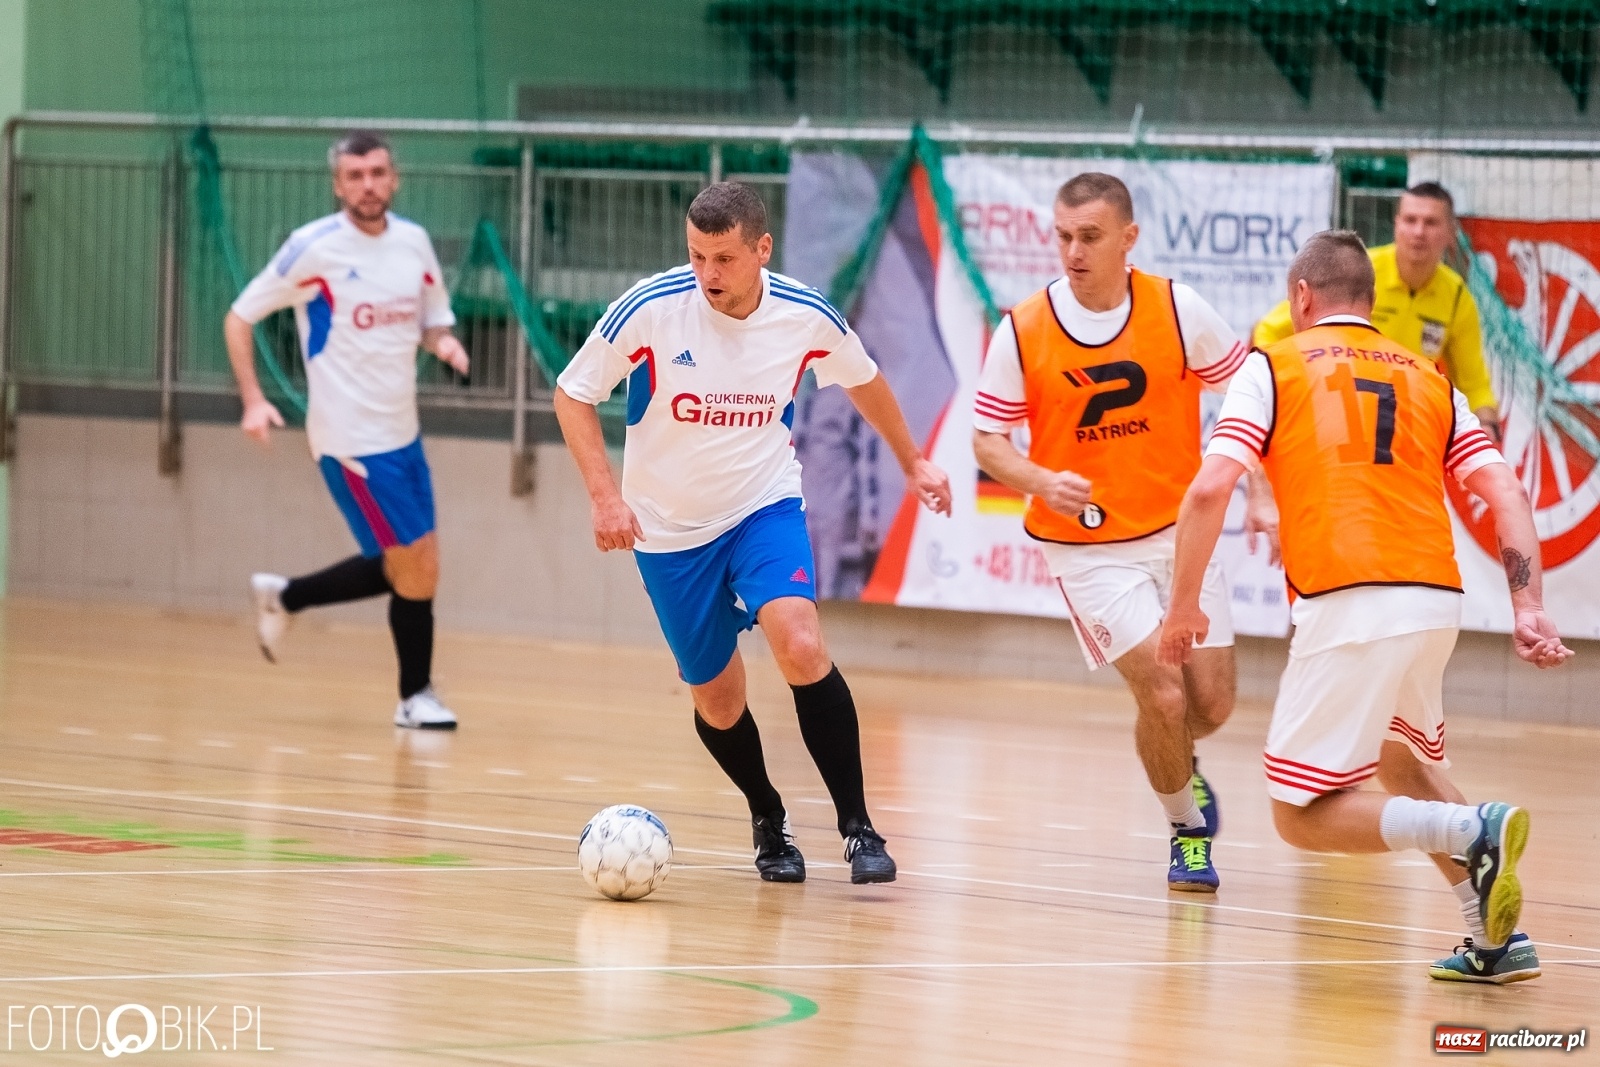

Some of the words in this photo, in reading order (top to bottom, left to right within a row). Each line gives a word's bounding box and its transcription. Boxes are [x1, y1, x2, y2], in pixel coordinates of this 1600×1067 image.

[956, 204, 1056, 246] PRIM
[1162, 212, 1301, 255] WORK
[671, 358, 697, 368] adidas
[1329, 345, 1420, 370] PATRICK
[671, 392, 775, 427] Gianni
[704, 393, 776, 405] CUKIERNIA
[1075, 418, 1151, 443] PATRICK
[1083, 501, 1102, 529] 6
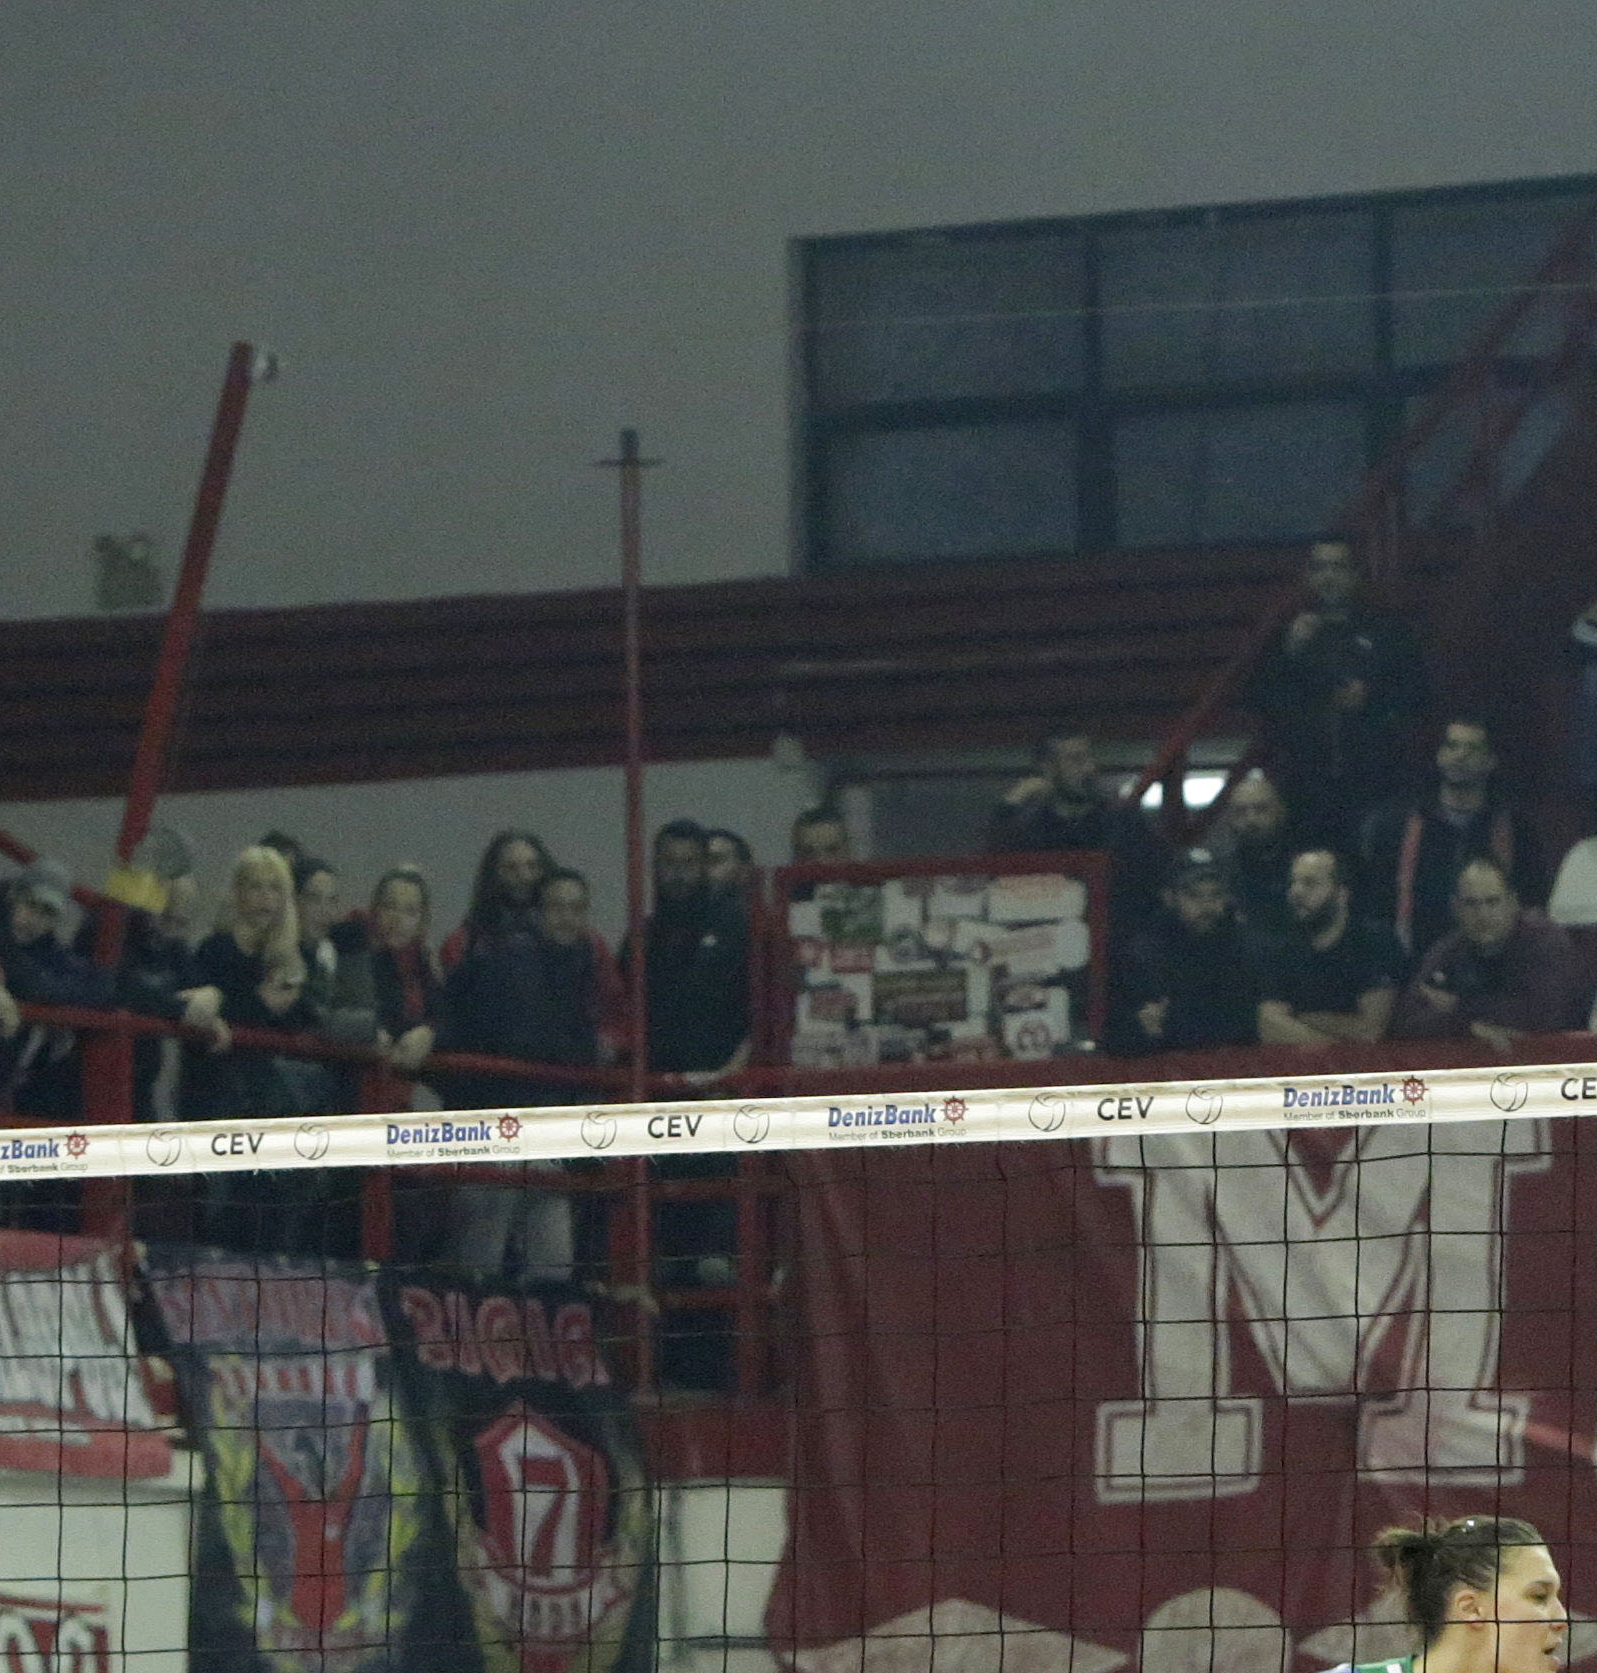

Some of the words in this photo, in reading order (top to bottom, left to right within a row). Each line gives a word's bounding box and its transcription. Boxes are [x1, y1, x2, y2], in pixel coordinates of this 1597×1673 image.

[1283, 1083, 1395, 1108] DenizBank
[828, 1103, 937, 1128] DenizBank
[1096, 1096, 1154, 1121] CEV
[1283, 1111, 1323, 1122] Member
[1325, 1110, 1336, 1120] of
[1337, 1108, 1395, 1120] Sberbank
[1396, 1107, 1427, 1119] Group
[386, 1121, 492, 1145] DenizBank
[647, 1114, 703, 1139] CEV
[828, 1131, 868, 1142] Member
[868, 1131, 879, 1141] of
[881, 1129, 936, 1140] Sberbank
[937, 1127, 967, 1139] Group
[211, 1132, 265, 1156] CEV
[438, 1146, 491, 1157] Sberbank
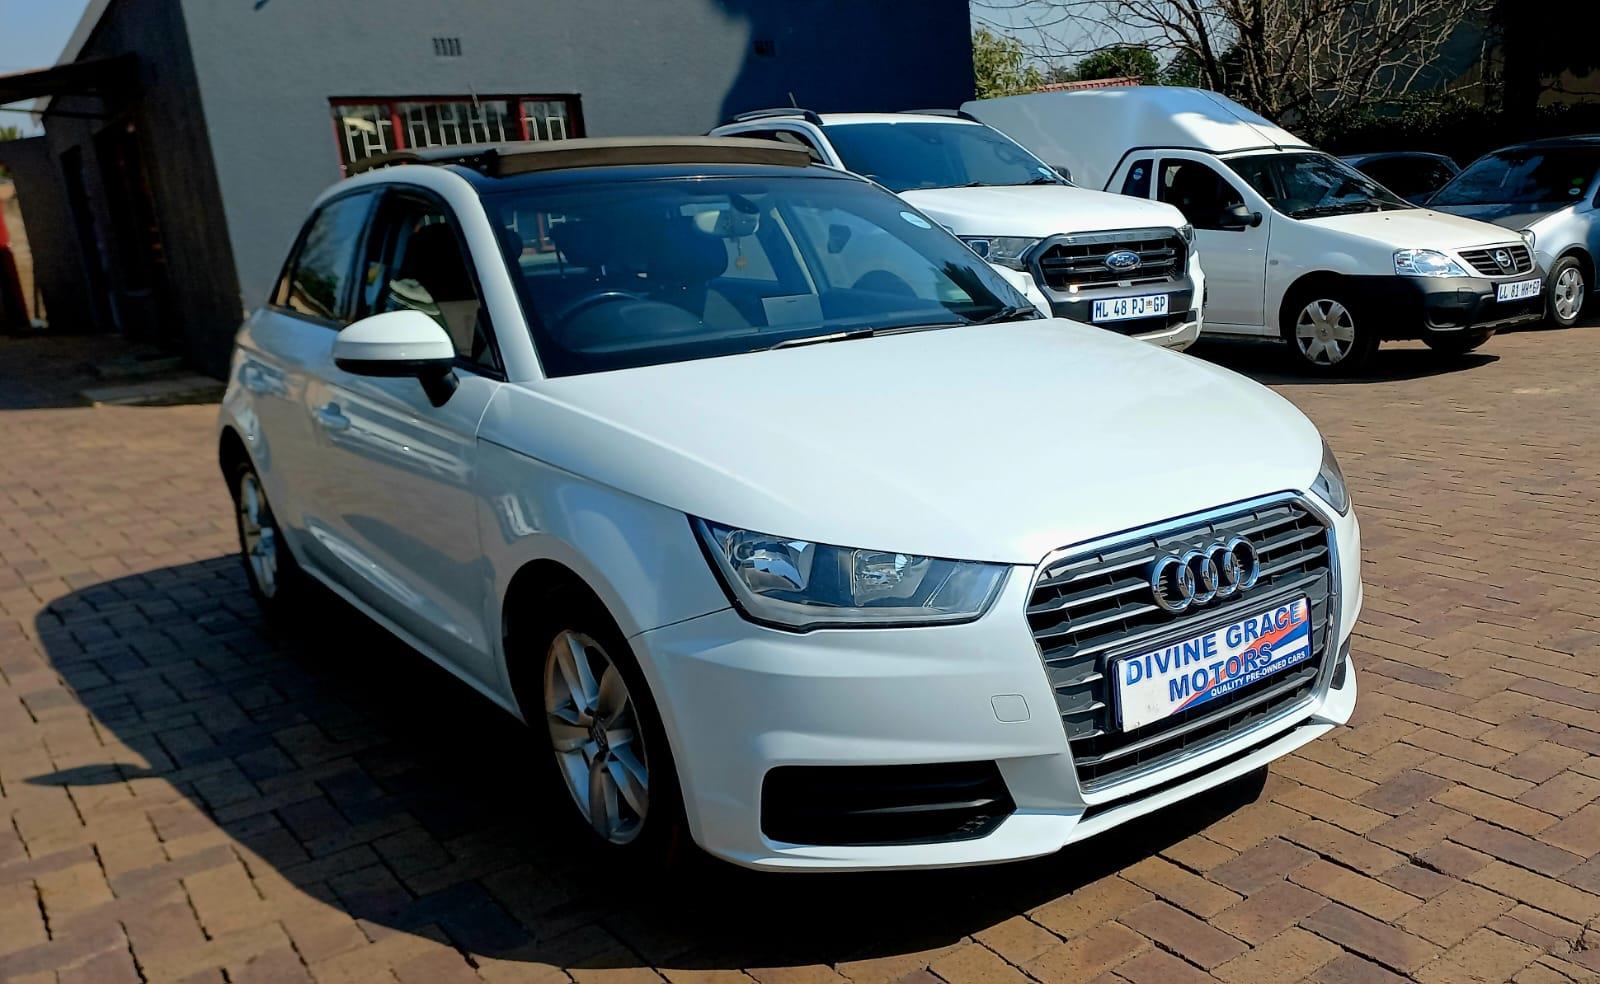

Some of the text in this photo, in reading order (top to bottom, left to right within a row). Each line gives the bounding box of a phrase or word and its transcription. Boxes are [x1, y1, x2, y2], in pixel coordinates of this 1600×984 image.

[1114, 300, 1127, 317] 48
[1132, 297, 1145, 315] PJ
[1153, 296, 1166, 312] GP
[1126, 602, 1301, 686] DIVINE GRACE
[1169, 643, 1273, 702] MOTORS
[1211, 651, 1305, 697] QUALITY PRE-OWNED CARS
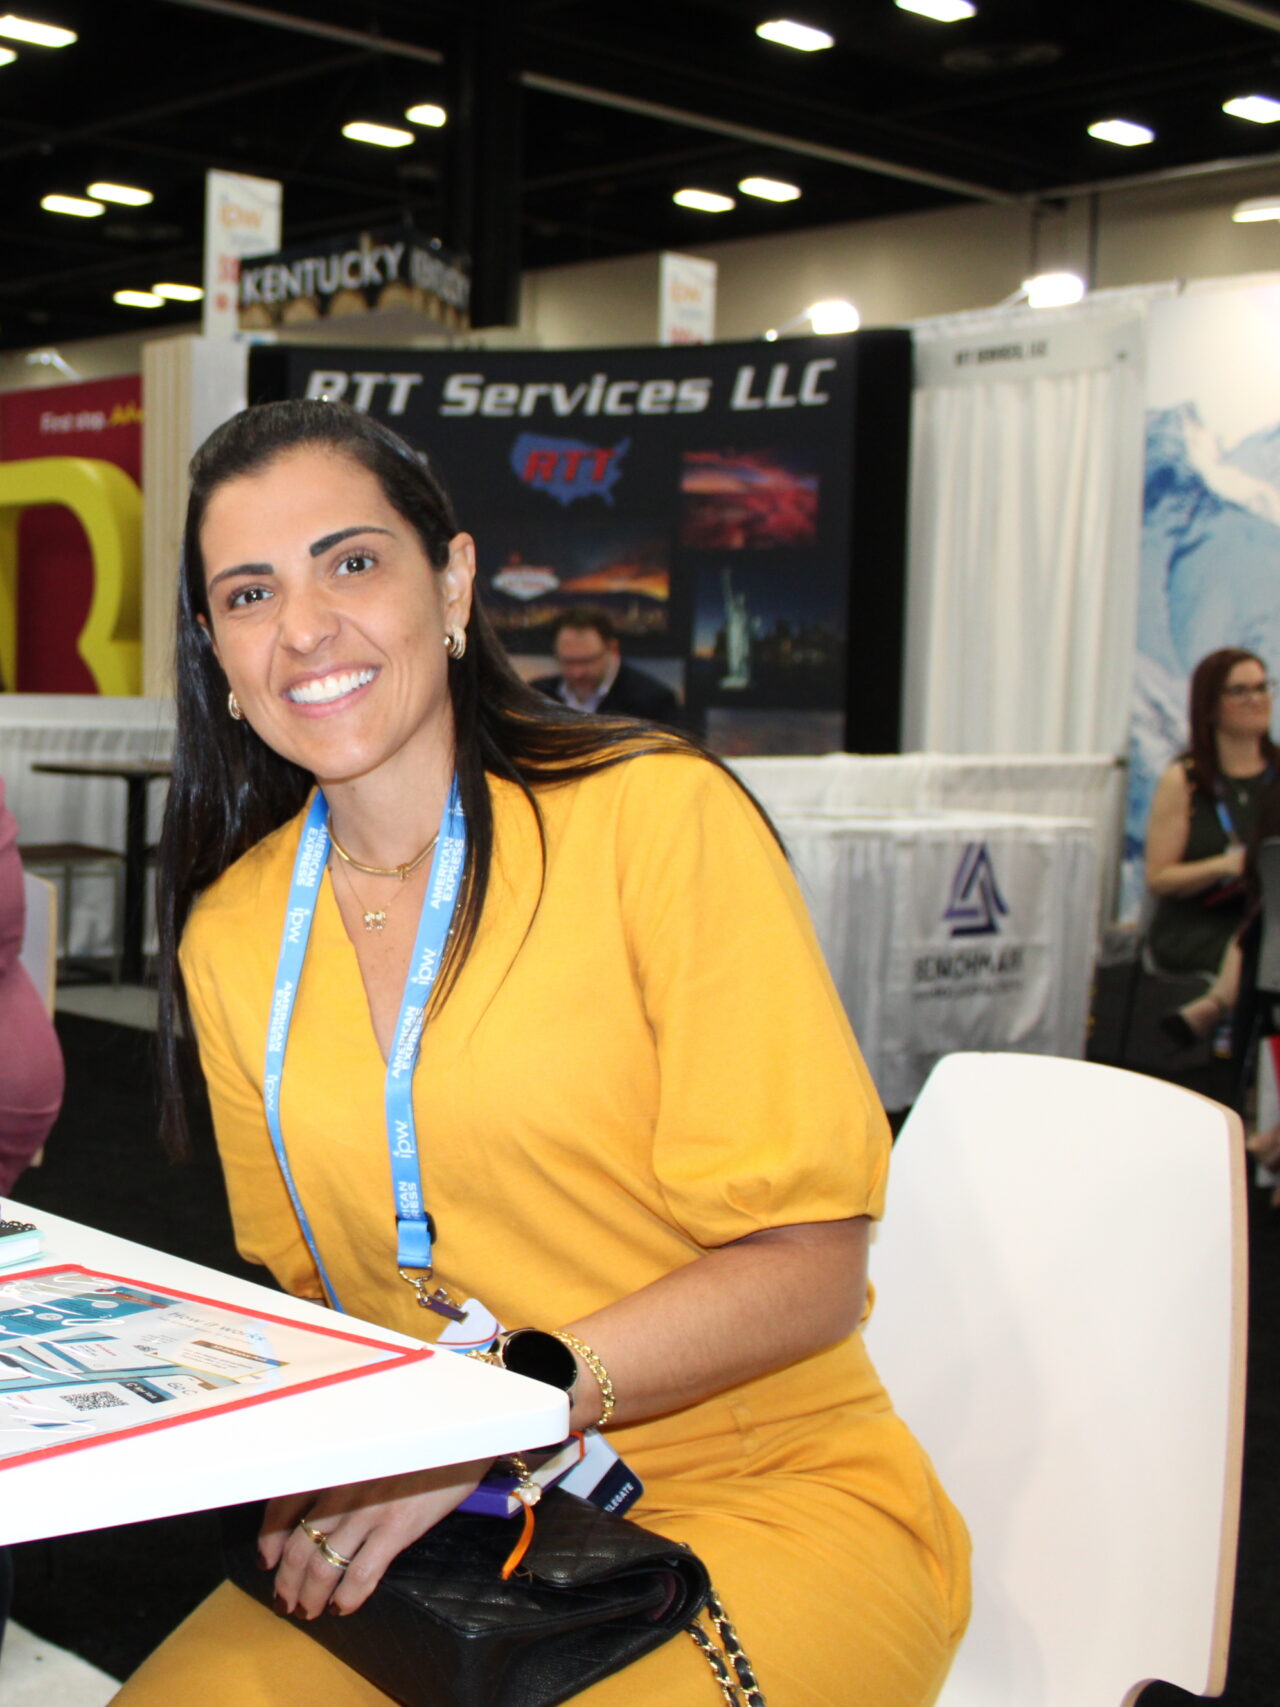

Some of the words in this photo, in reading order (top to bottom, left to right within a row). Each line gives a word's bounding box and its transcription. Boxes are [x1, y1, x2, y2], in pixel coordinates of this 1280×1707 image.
* * *
* **Problem to work on**
Images in the records should not be copied. Repeat all the rest exactly.

* **Your response**
Some of the words in this photo, in reading order (top to bottom, left to right within a row). Each line gives a word's bounding box and its transcription. Boxes are [x1, y1, x2, y2], in pixel coordinates of this 1600×1067 image.

[956, 204, 1056, 246] PRIM
[1162, 212, 1301, 255] WORK
[671, 358, 697, 368] adidas
[1329, 345, 1420, 370] PATRICK
[671, 392, 775, 427] Gianni
[704, 393, 776, 405] CUKIERNIA
[1075, 418, 1151, 443] PATRICK
[1083, 501, 1102, 529] 6

Some of the words in this photo, in reading order (top to bottom, left to right within a row). Each line gives a word's bounding box and its transcription. Boxes are [x1, y1, x2, y2], in pixel coordinates of this 1597×1673 image.

[1283, 1083, 1395, 1108] DenizBank
[828, 1103, 937, 1128] DenizBank
[1096, 1096, 1154, 1121] CEV
[1283, 1111, 1323, 1122] Member
[1325, 1110, 1336, 1120] of
[1337, 1108, 1395, 1120] Sberbank
[1396, 1107, 1427, 1119] Group
[386, 1121, 492, 1145] DenizBank
[647, 1114, 703, 1139] CEV
[828, 1131, 868, 1142] Member
[868, 1131, 879, 1141] of
[881, 1129, 936, 1140] Sberbank
[937, 1127, 967, 1139] Group
[211, 1132, 265, 1156] CEV
[438, 1146, 491, 1157] Sberbank

Some of the text in this photo, in reading order (top to bottom, left to right within a row). Each line gives the bounding box of a phrase or word and its transcription. Boxes are [x1, y1, x2, y2], in pixel coordinates of this 1600×984 image.

[1114, 300, 1127, 317] 48
[1132, 297, 1145, 315] PJ
[1153, 296, 1166, 312] GP
[1126, 602, 1301, 686] DIVINE GRACE
[1169, 643, 1273, 702] MOTORS
[1211, 651, 1305, 697] QUALITY PRE-OWNED CARS

Some of the words in this photo, in reading order (top to bottom, left to right within a row). Each line gives a word's bounding box and its transcription. Boxes are [x1, y1, x2, y2], in pixel coordinates of this 1280×1707 image.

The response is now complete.